In order to evaluate the performance of C-IM2 algorithm, we compare the influence spread of our algorithm with the state-of-the-art algorithms on real-world networks. The propagation probability in IC model follows uniform distribution over tri-valency model, i.e., {0.1,0.01,0.001}. The distribution of activation probability follows uniform distribution, i.e. \(a_p(x,y)\in \) [0,1].

5.2 Dataset

To perform experiment, we utilized three co-author networksFootnote 1 [40]: Network Science (NSN), High-Energy Theory (HTN), and Condensed Matter (CMN). The name of the authors are used to identify identical users across networks. The statistical information of datasets is given in Table 3.

Table 3. The statistical information of the datasets

5.3 Algorithm to Compare

  • Random: Randomaly selects k nodes as seed nodes.

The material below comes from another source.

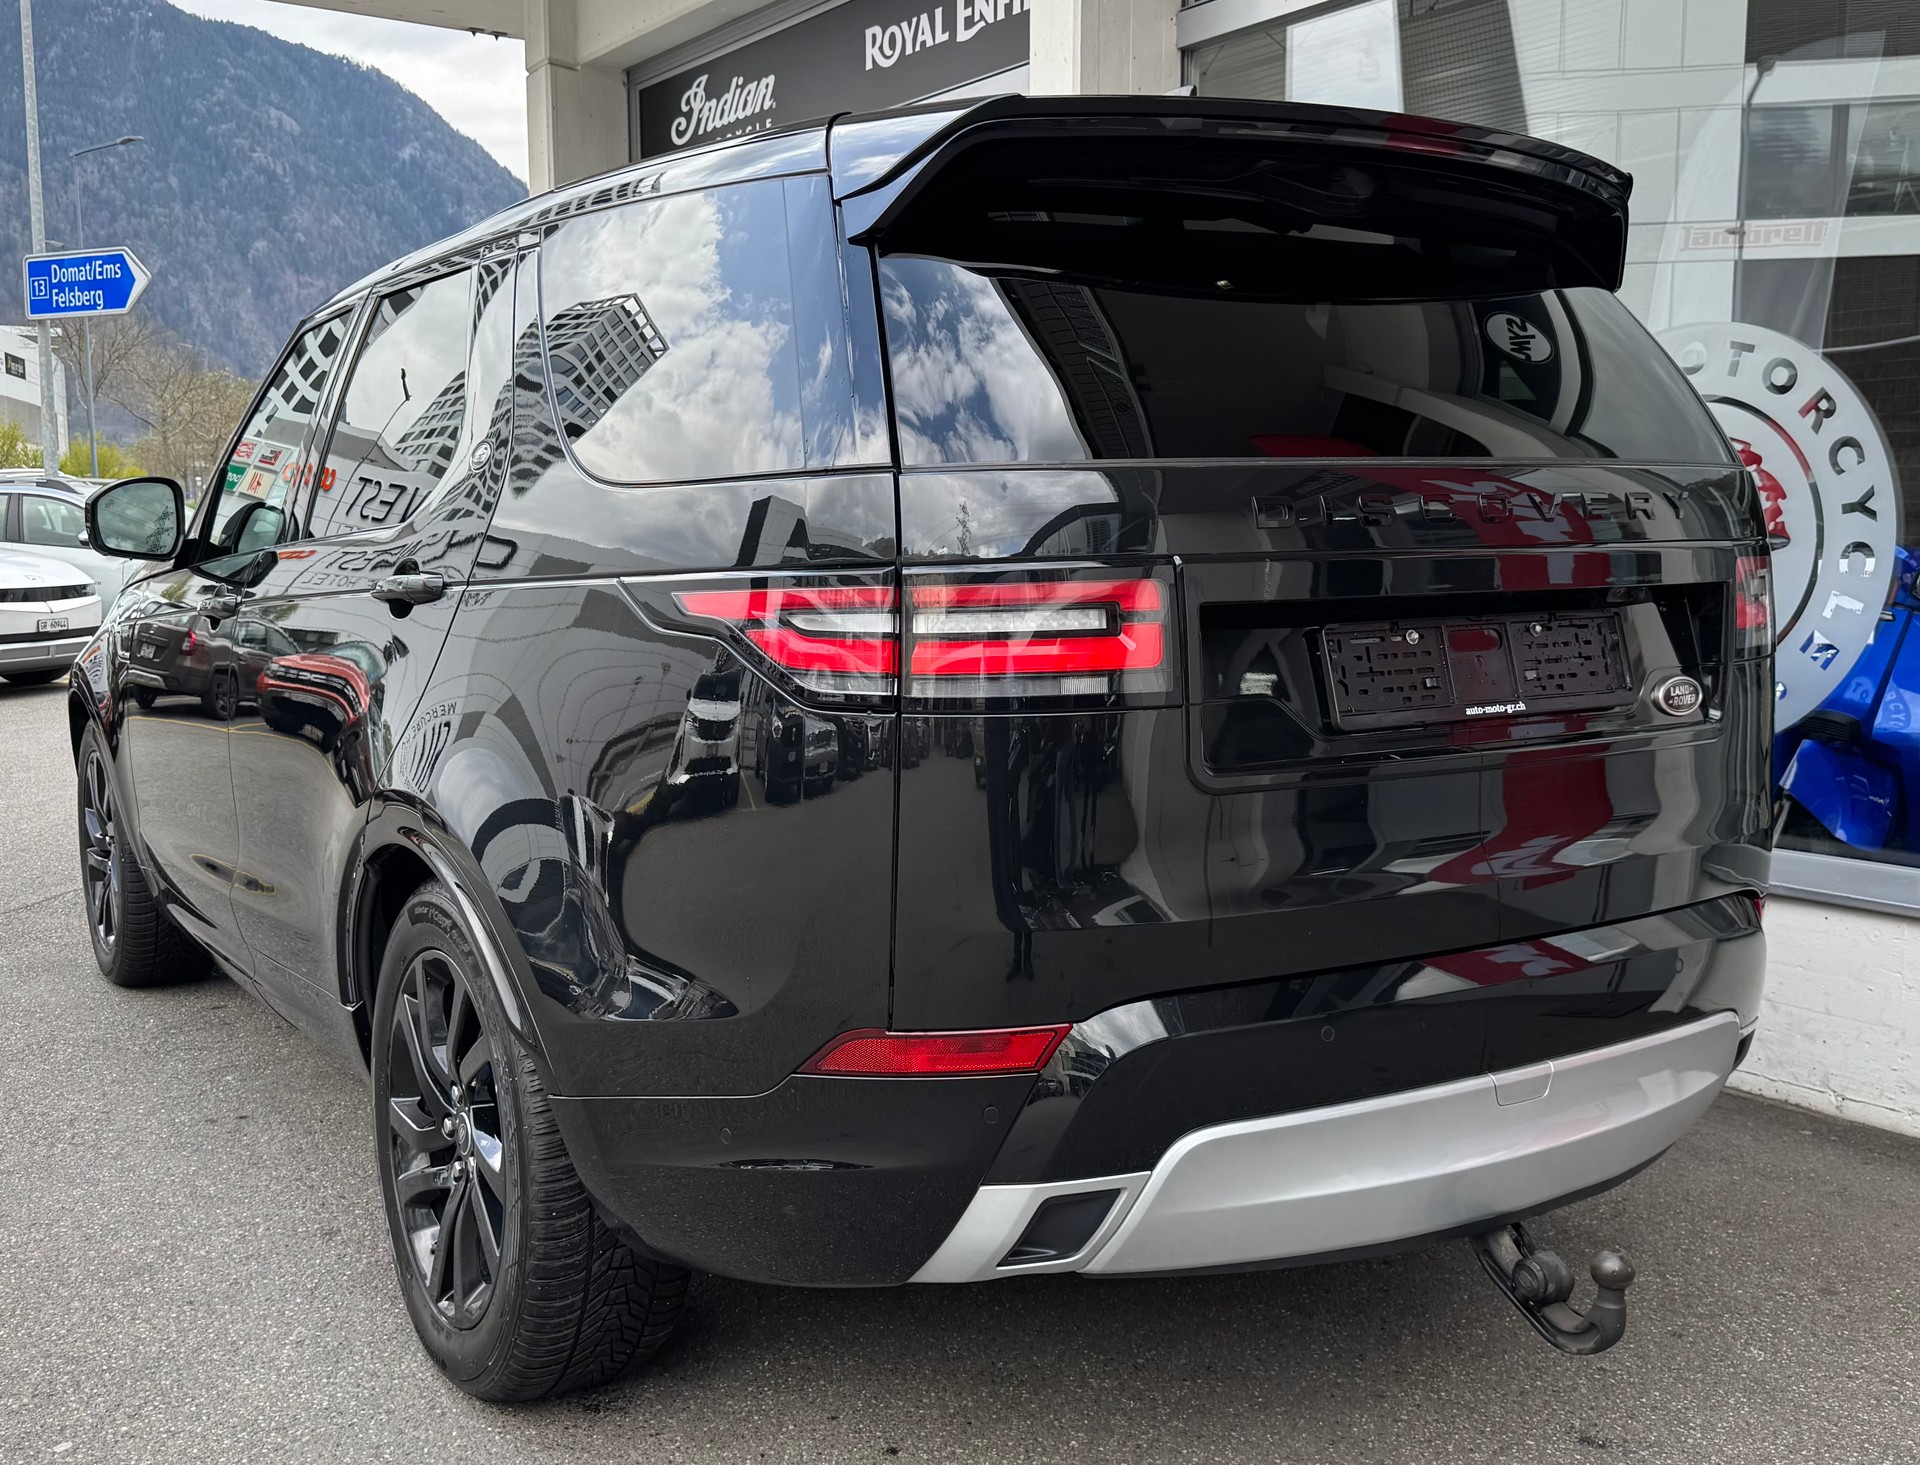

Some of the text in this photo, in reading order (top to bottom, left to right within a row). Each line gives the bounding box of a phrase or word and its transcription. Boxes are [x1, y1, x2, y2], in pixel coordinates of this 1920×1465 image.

  • MaxDegree: This method selects k nodes based on degree of nodes (maximal degree nodes).

  • Greedy: Selects seed nodes based on the marginal gain of nodes [11].

  • Degree Discount: Selects seed based on degree and discount procedure [3].

  • C-IM2: This is our proposed algorithm which selects influential nodes based on influence capacity of nodes.

5.4 Experimental Result

This section describes the performance of C-IM2 algorithm. The influence spread of C-IM2 is compared with baseline methods to validate the performance of the C-IM2. The algorithm with the highest influence spread is referred to as the best performing IM algorithm. To experiment, we utilized three real-world networks with differently sized seed set (10–50).

Fig. 4.
figure 4

The performance comparison of C-IM2 against the baseline methods in terms of influence spread

Comparison of C-IM2 Under IM Framework. Figure 4 illustrates the comparison of C-IM2 method against the compared methods. The proposed method performs better than heuristics Random, MaxDegree, and Degree Discount. This is because of the fact that these heuristics only consider the degree of nodes and ignores others topological information like local influence, location in the network, etc. Therefore, C-IM2 outperforms these methods. Also, the proposed method has a comparable influence spread with the hill-climbing greedy method.

Advantage of IM2 Framework. Figure 5 shows the performance gain of IM2 framework over traditional IM problem. The proposed algorithm performs better than the classical IM problem. This is because of IM problem ignores the fact that some of the social network users have multiple accounts on different networks simultaneously while IM2 considers this assumption. Therefore, IM2 framework is more realistic and generates more effective seed set.

Fig. 5.
figure 5

The performance comparison of C-IM2 under IM and IM2 framework in terms of influence spread

6 Conclusion and Future Directions

In this paper, we study the IM2 problem in the multiplex network. We perform network coupling to form a multiplex network based on network topology and the importance of relationship in information spreading. Then we present a new centrality measure to identify the most influential users in the coupled multiplex network. Exhaustive experiments show the advantage of IM2 framework over classical IM framework and provide a new insight into the problem. In the future, we can extend our work to MIM2 problem with heterogeneous propagation models. Also, we can add some contextual features like topical, spatial, dynamic, etc.